Steve Rolles is Senior Policy Analyst at Transform Drug Policy Foundation.
The Government has decided to criminalise the possession of Nitrous Oxide for personal use as part of its crackdown on antisocial behaviour, ignoring the advice of experts that such a move will be harmful and counterproductive. There are better ways to reduce health risks and antisocial behaviour associated with the drug.
In practice, criminalising personal possession will mean changing the legal status of nitrous oxide from its current status of control under the Psychoactive Substances Act (PSA) 2016, for which sales, but not possession, are illegal, to control under the Misuse of Drugs Act (MDA) 1971, which has much harsher maximum penalties for supply (up to life in prison for class A drugs), and also criminalises possession (up to 7 years for class A drugs). Which class Nitrous oxide will be placed in has yet to be announced.
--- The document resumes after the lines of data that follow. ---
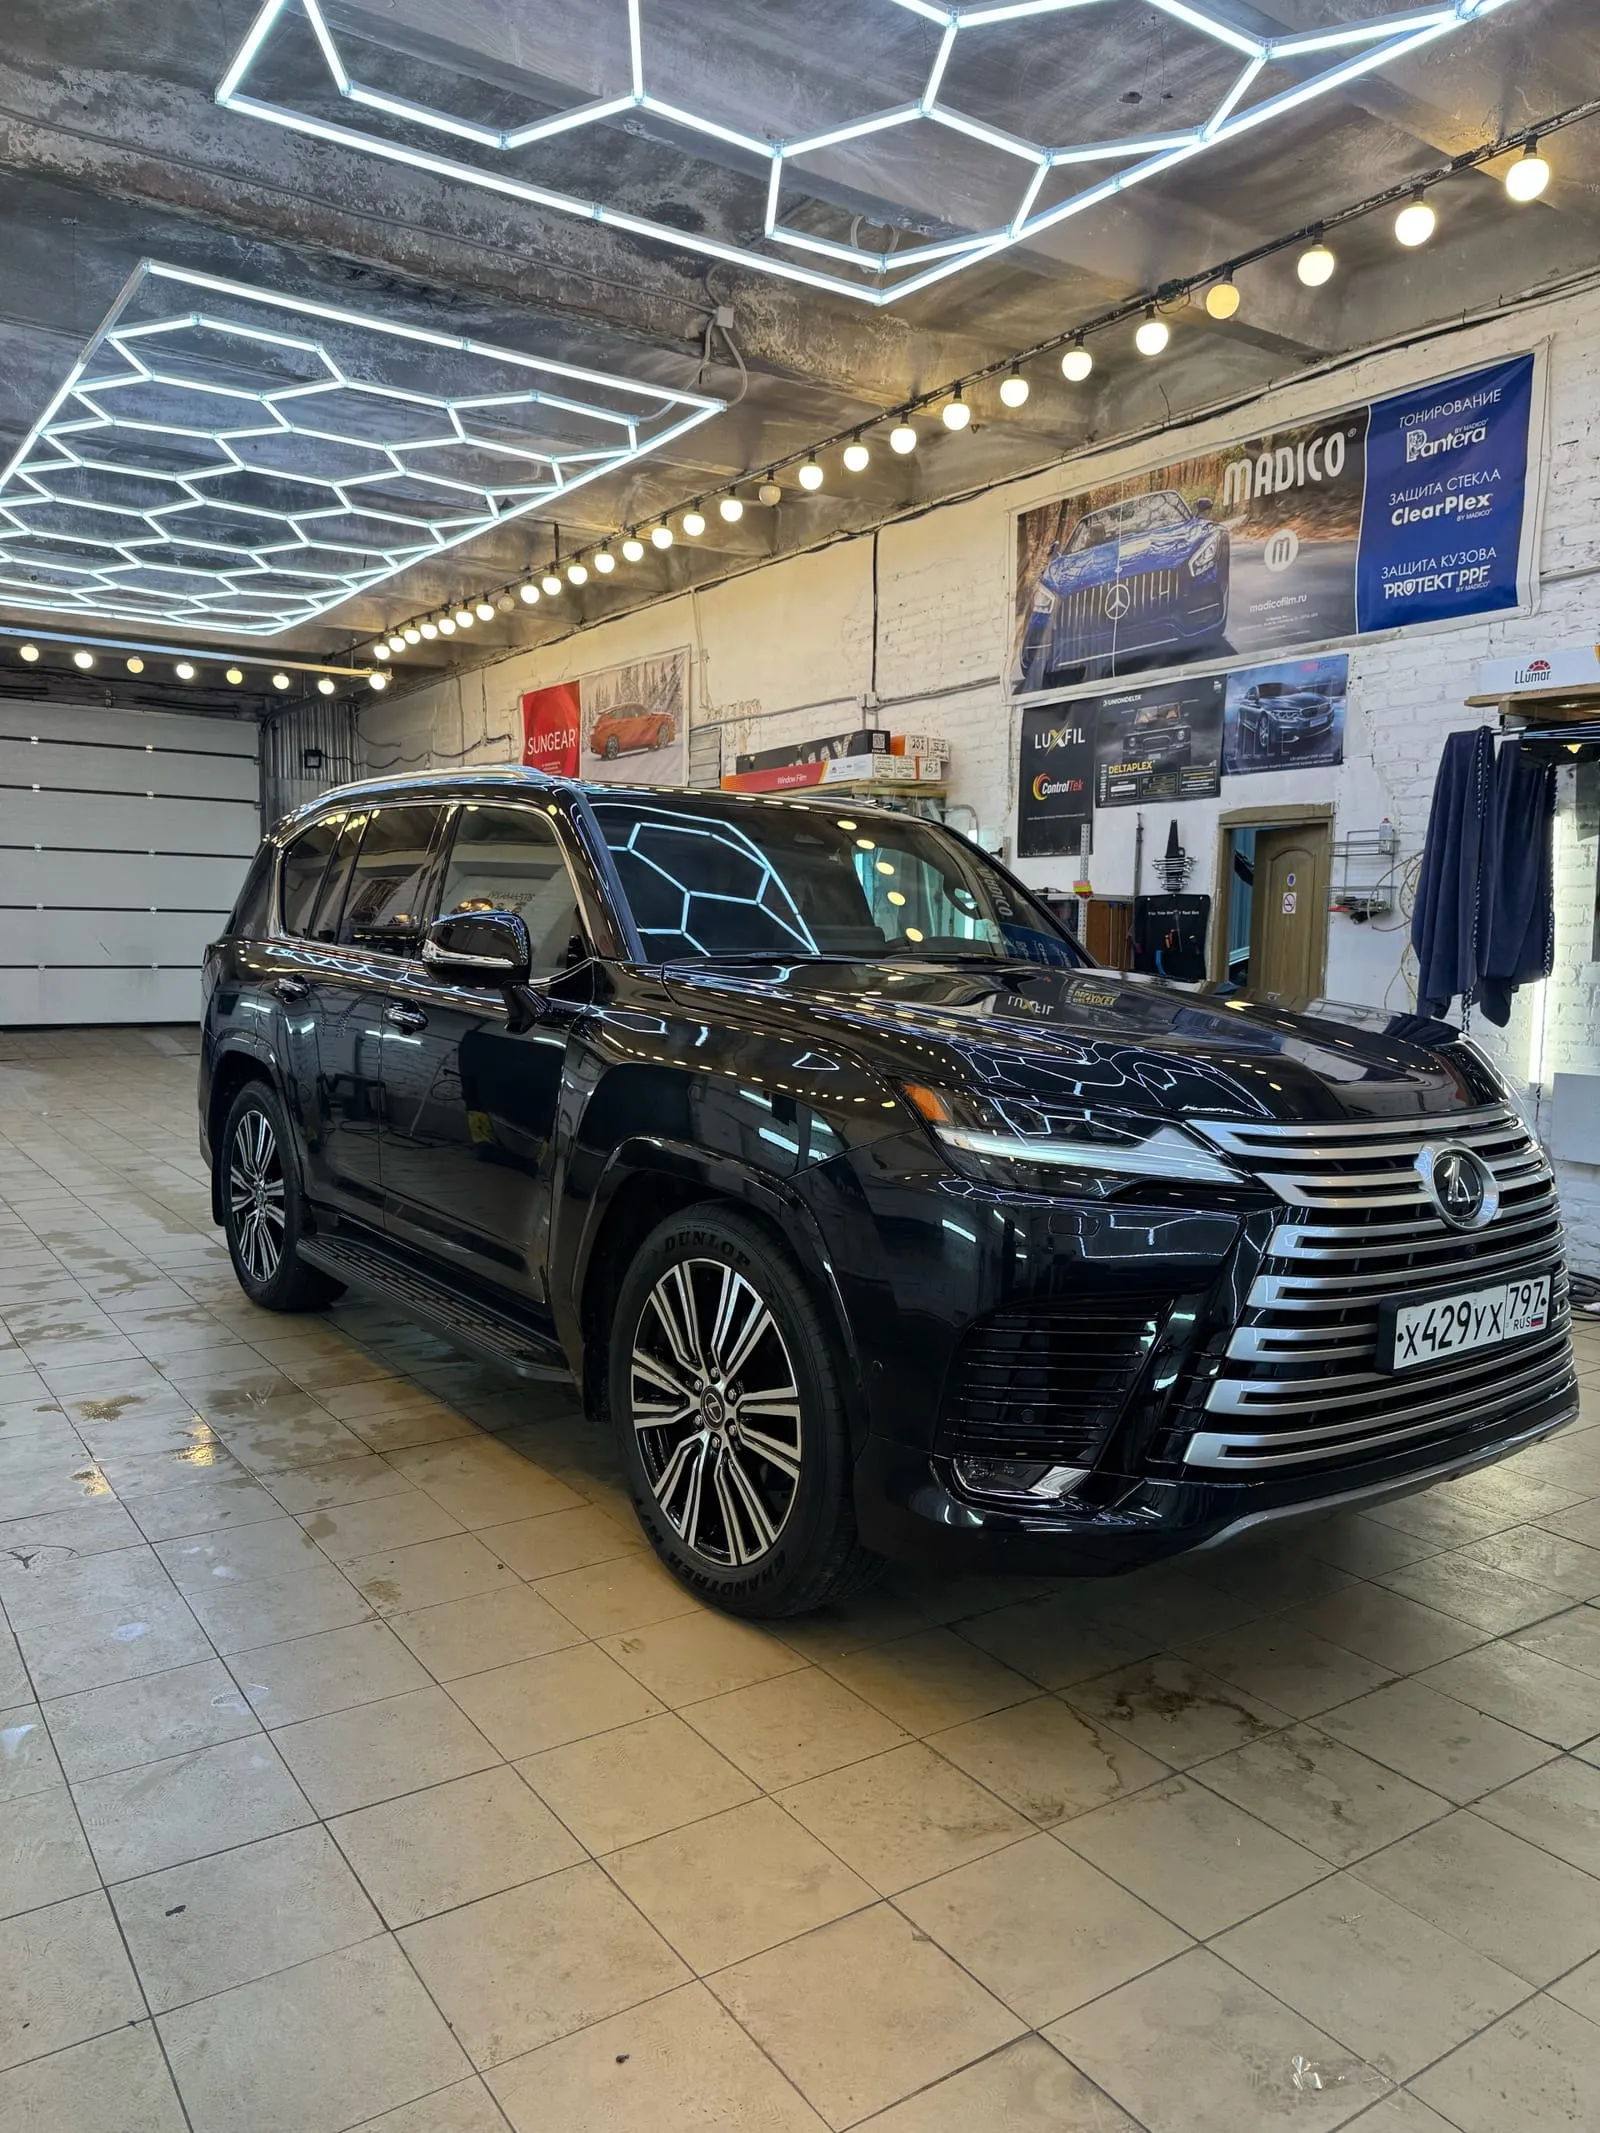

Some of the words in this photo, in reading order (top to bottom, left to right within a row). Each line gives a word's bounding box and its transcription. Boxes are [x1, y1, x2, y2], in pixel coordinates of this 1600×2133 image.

[1399, 388, 1502, 429] ТОНИРОВАНИЕ
[1406, 426, 1486, 463] Pantera
[1223, 431, 1345, 506] MADICO
[1388, 481, 1443, 506] ЗАЩИТА
[1446, 468, 1501, 491] СТЕКЛА
[1391, 493, 1490, 526] ClearPlex
[1381, 558, 1437, 579] ЗАЩИТА
[1441, 546, 1496, 568] КУЗОВА
[1383, 572, 1456, 599] PROTEKT
[1459, 564, 1491, 586] PPF
[1249, 594, 1307, 613] madicofilm.ru
[1514, 670, 1551, 684] LLumar
[527, 729, 576, 756] SUNGEAR
[1034, 725, 1086, 751] LUXFIL
[1108, 761, 1153, 775] DELTAPLEX
[1042, 779, 1084, 795] ControlTek
[665, 1231, 751, 1266] DUNLOP
[1509, 1281, 1544, 1319] 797
[1513, 1316, 1531, 1331] RUS
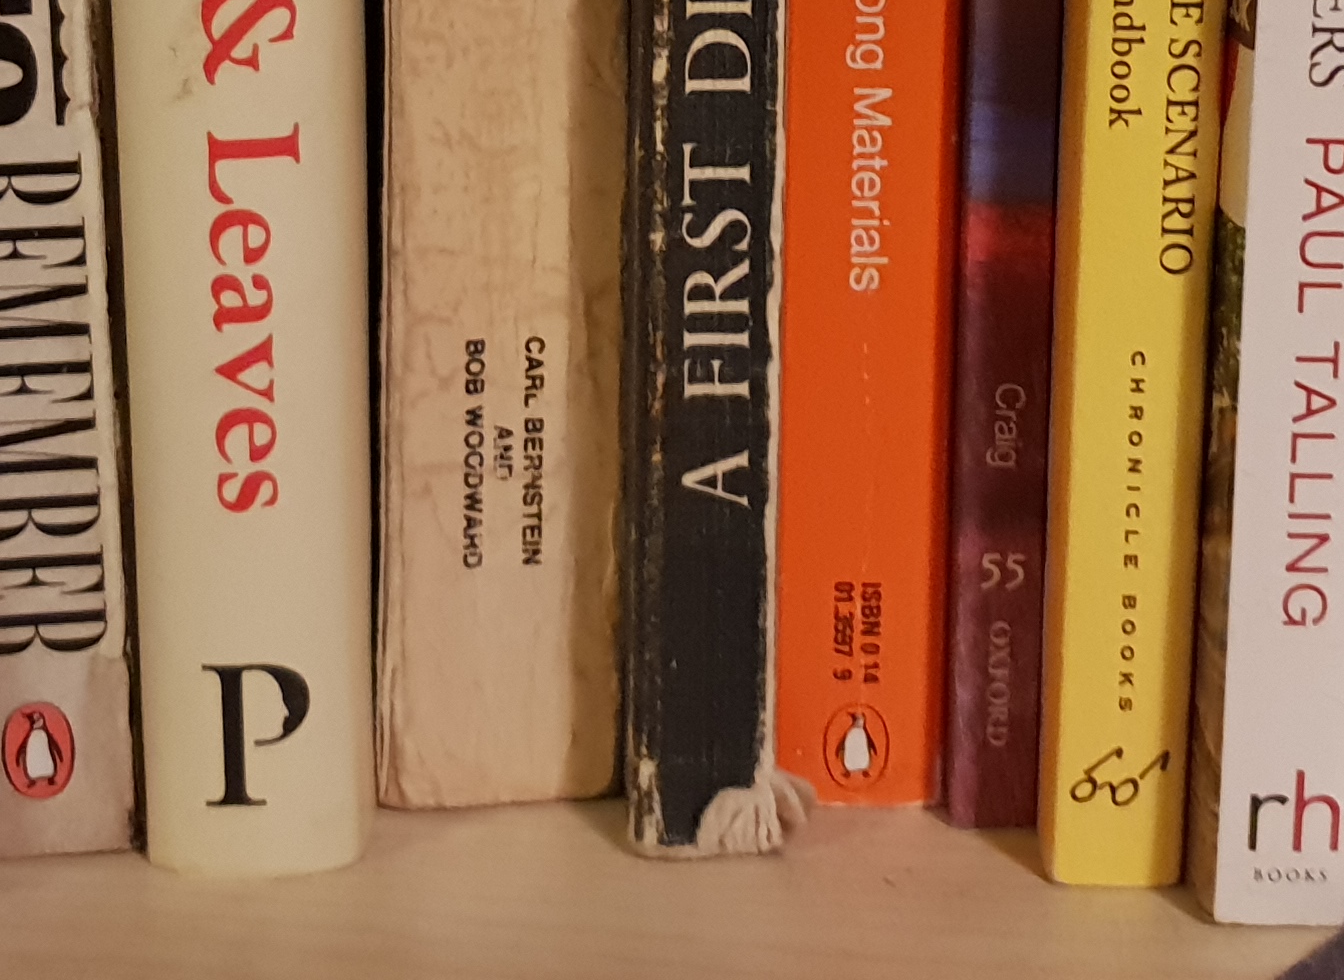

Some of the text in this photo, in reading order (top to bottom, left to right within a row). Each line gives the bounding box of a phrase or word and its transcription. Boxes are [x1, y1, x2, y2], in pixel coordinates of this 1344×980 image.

[846, 85, 895, 294] Materials
[1156, 37, 1203, 277] SCENARIO
[204, 123, 304, 515] Leaves
[679, 140, 754, 401] FIRST
[462, 338, 487, 570] BOB WOODWARD
[492, 424, 515, 482] AND
[521, 335, 547, 566] CARL BERNSTEIN
[679, 449, 752, 513] A
[985, 381, 1029, 469] Craig
[1280, 339, 1343, 631] TALLING
[978, 550, 1028, 592] 55
[1116, 349, 1150, 717] CHRONICLE BOOKS
[860, 582, 882, 636] ISBN
[201, 663, 313, 809] P
[983, 619, 1015, 748] OXFORD
[1245, 768, 1344, 853] rh
[1251, 865, 1330, 887] BOOKS
The ACMD is the government-appointed expert body tasked with evaluating risks and making recommendations to the Government on policy and law responses. They specifically recommended against moving to criminalise possession under the MDA on the basis that it was not proportionate, was not justified by its harm assessment, and could lead to unintended consequences. Instead, the recommended better use of existing laws alongside focusing on risk education and harm reduction. The Government have contemptuously overruled the committee’s advice within days of its being received, without even providing the mandated written response. A number of committee members are now expected to resign from their unpaid positions – and who can blame them?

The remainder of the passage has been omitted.